**Exercise data:**
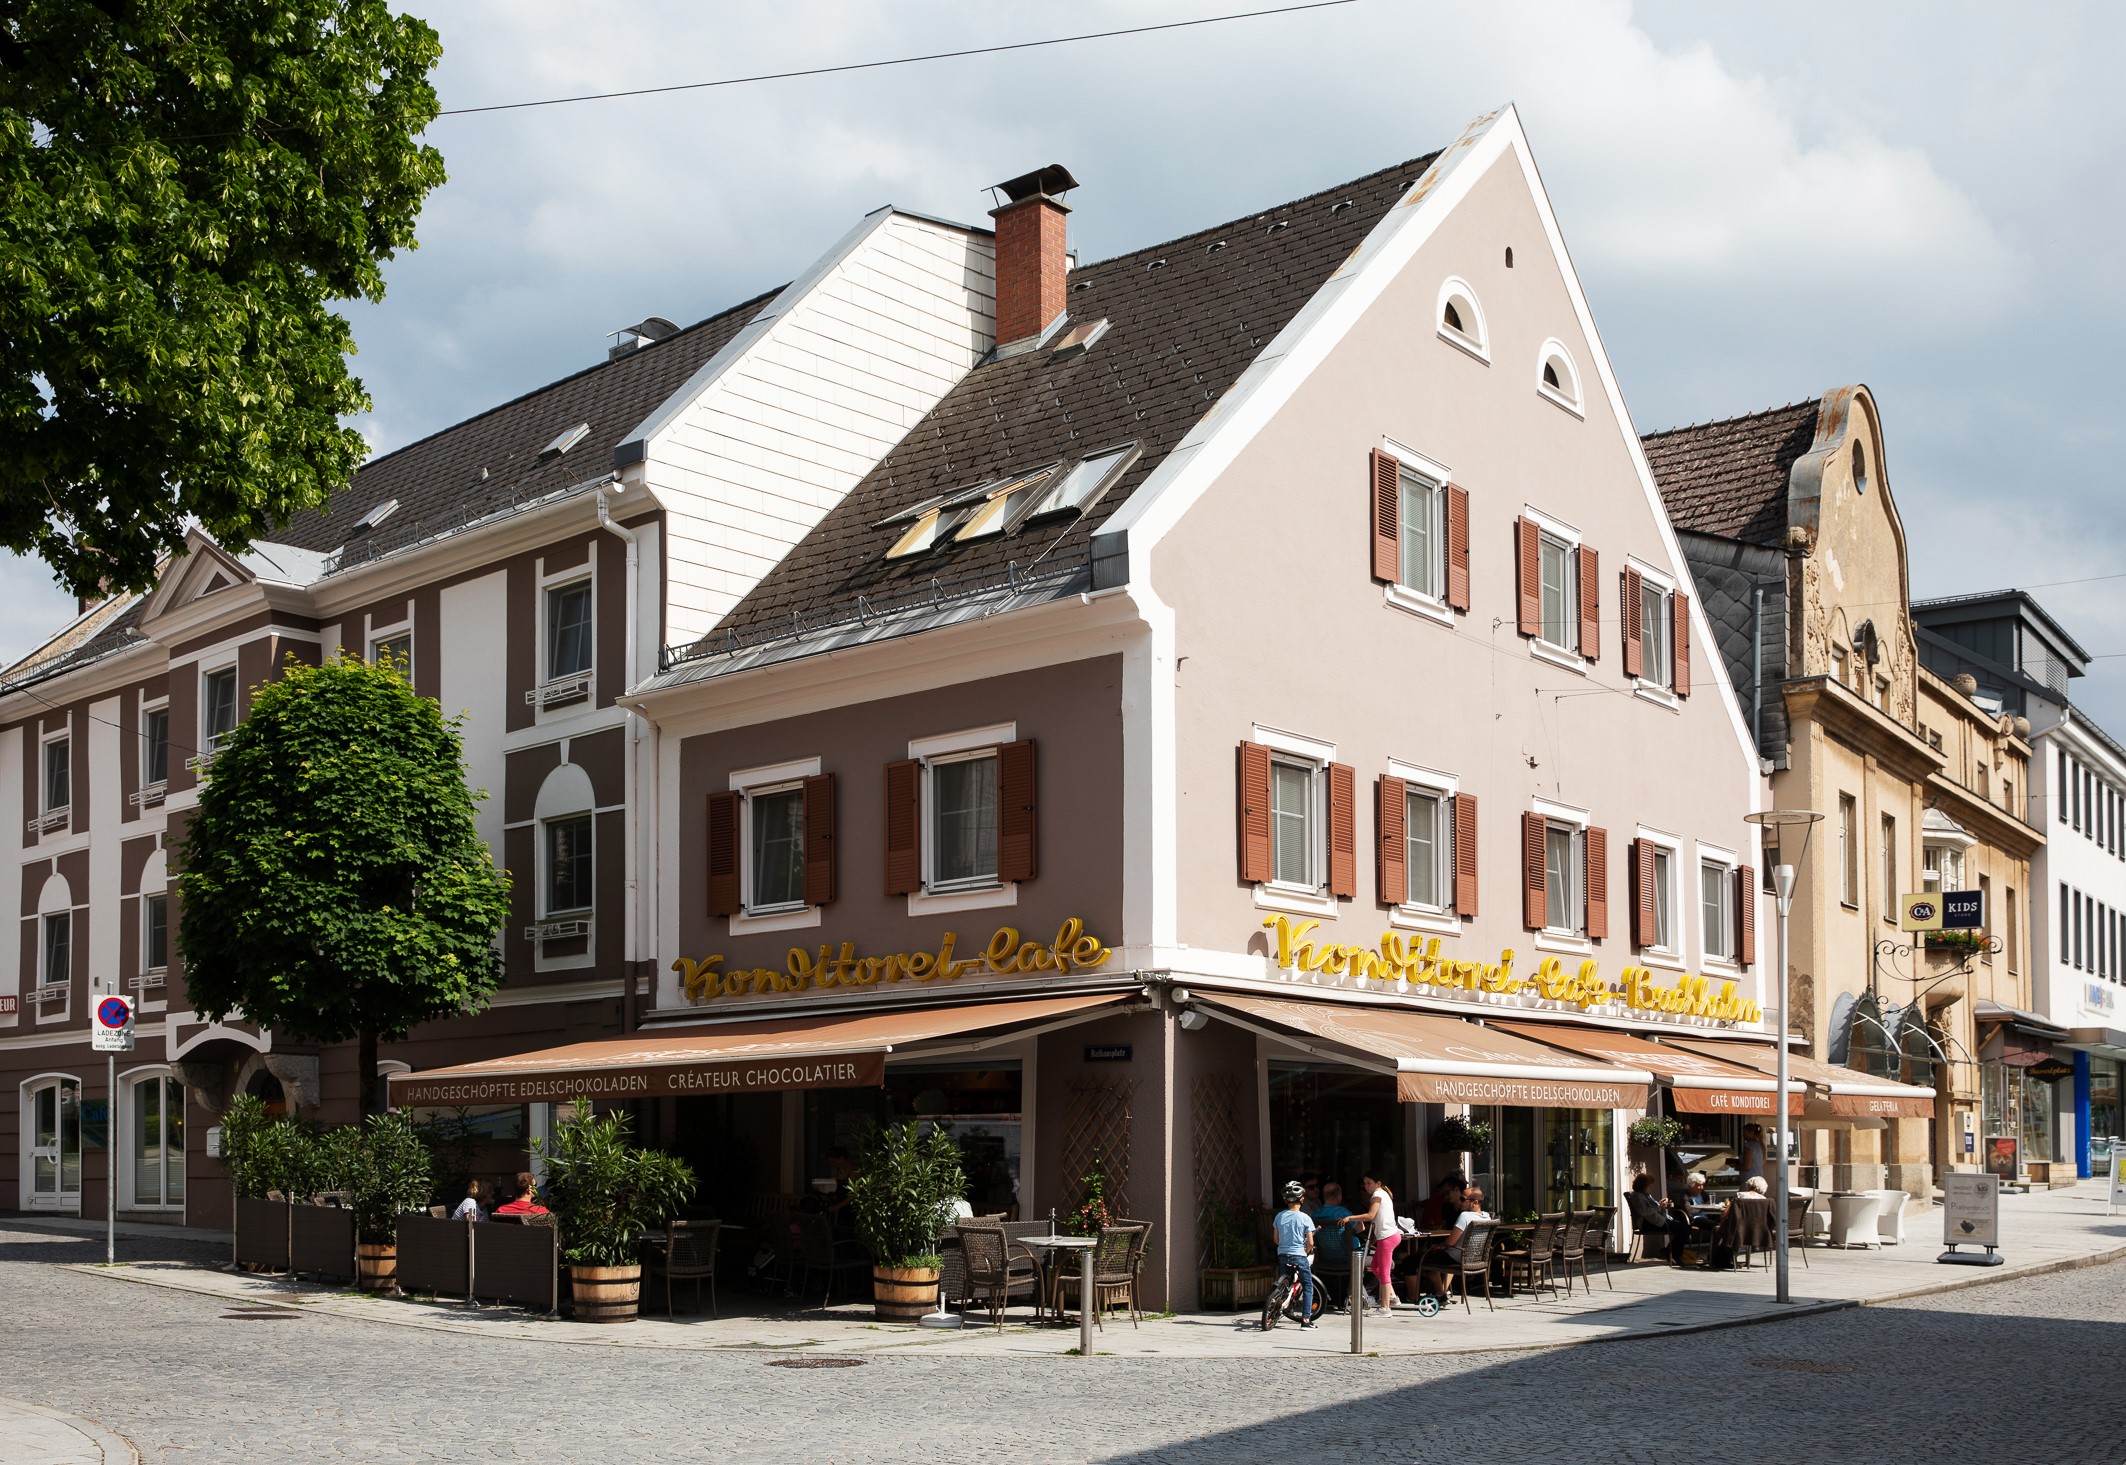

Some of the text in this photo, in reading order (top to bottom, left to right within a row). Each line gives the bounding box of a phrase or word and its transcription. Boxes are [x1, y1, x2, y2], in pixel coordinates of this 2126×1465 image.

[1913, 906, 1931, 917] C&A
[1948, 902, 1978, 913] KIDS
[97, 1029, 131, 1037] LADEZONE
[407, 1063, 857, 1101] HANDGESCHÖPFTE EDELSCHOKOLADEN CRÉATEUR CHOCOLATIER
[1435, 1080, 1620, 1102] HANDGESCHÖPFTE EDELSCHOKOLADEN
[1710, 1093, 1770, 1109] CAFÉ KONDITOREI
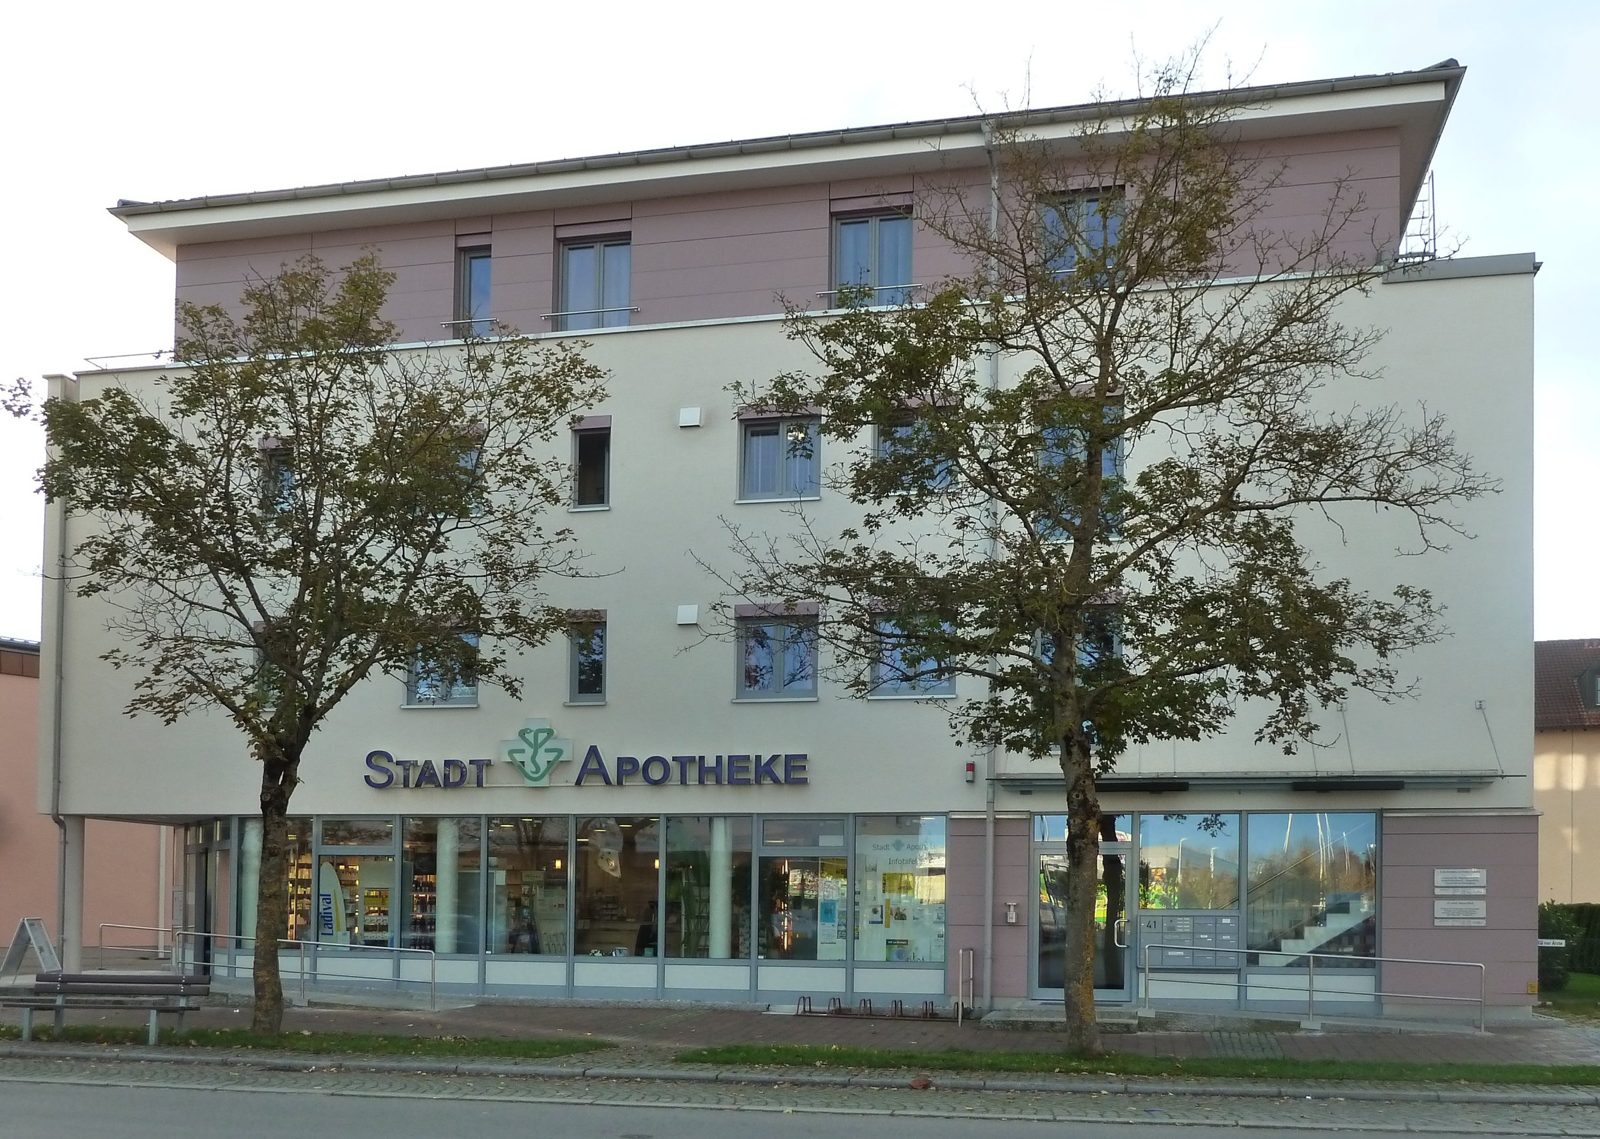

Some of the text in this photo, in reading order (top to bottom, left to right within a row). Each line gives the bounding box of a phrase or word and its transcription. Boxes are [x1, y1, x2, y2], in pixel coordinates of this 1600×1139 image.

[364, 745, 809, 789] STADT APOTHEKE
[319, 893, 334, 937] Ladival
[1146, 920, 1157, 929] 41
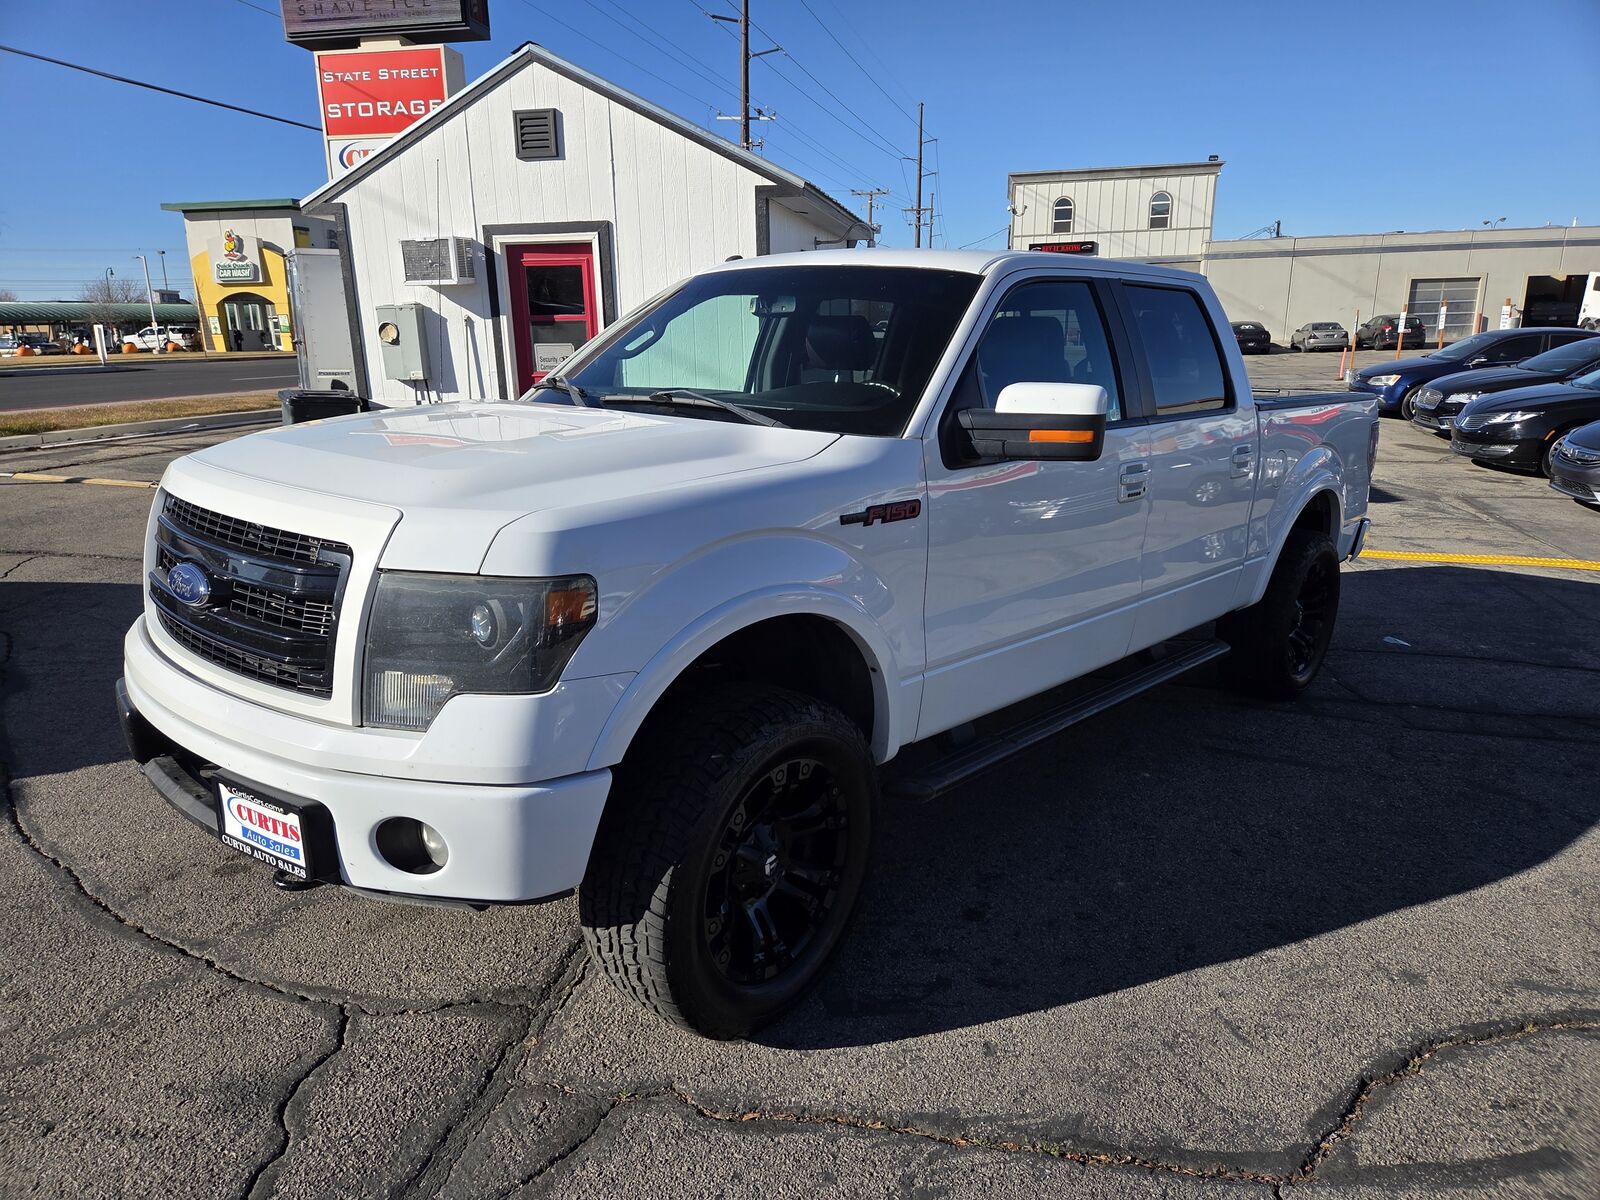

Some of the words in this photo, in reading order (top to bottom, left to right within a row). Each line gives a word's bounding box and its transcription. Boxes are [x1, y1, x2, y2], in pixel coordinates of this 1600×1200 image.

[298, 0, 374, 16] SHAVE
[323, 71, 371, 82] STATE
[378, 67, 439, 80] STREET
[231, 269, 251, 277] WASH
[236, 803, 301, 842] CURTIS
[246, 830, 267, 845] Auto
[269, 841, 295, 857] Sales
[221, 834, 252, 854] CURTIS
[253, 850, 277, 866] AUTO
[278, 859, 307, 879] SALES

**What you have to do:** In your copy of the entries above, keep the text exact and leave out the pictures.

**Response area:**
Some of the text in this photo, in reading order (top to bottom, left to right within a row). Each line gives the bounding box of a phrase or word and its transcription. Boxes are [x1, y1, x2, y2], in pixel coordinates of this 2126×1465 image.

[1913, 906, 1931, 917] C&A
[1948, 902, 1978, 913] KIDS
[97, 1029, 131, 1037] LADEZONE
[407, 1063, 857, 1101] HANDGESCHÖPFTE EDELSCHOKOLADEN CRÉATEUR CHOCOLATIER
[1435, 1080, 1620, 1102] HANDGESCHÖPFTE EDELSCHOKOLADEN
[1710, 1093, 1770, 1109] CAFÉ KONDITOREI

Some of the text in this photo, in reading order (top to bottom, left to right within a row). Each line gives the bounding box of a phrase or word and its transcription. Boxes are [x1, y1, x2, y2], in pixel coordinates of this 1600×1139 image.

[364, 745, 809, 789] STADT APOTHEKE
[319, 893, 334, 937] Ladival
[1146, 920, 1157, 929] 41

Some of the words in this photo, in reading order (top to bottom, left to right within a row). Each line gives a word's bounding box and its transcription. Boxes are [x1, y1, x2, y2], in pixel coordinates of this 1600×1200 image.

[298, 0, 374, 16] SHAVE
[323, 71, 371, 82] STATE
[378, 67, 439, 80] STREET
[231, 269, 251, 277] WASH
[236, 803, 301, 842] CURTIS
[246, 830, 267, 845] Auto
[269, 841, 295, 857] Sales
[221, 834, 252, 854] CURTIS
[253, 850, 277, 866] AUTO
[278, 859, 307, 879] SALES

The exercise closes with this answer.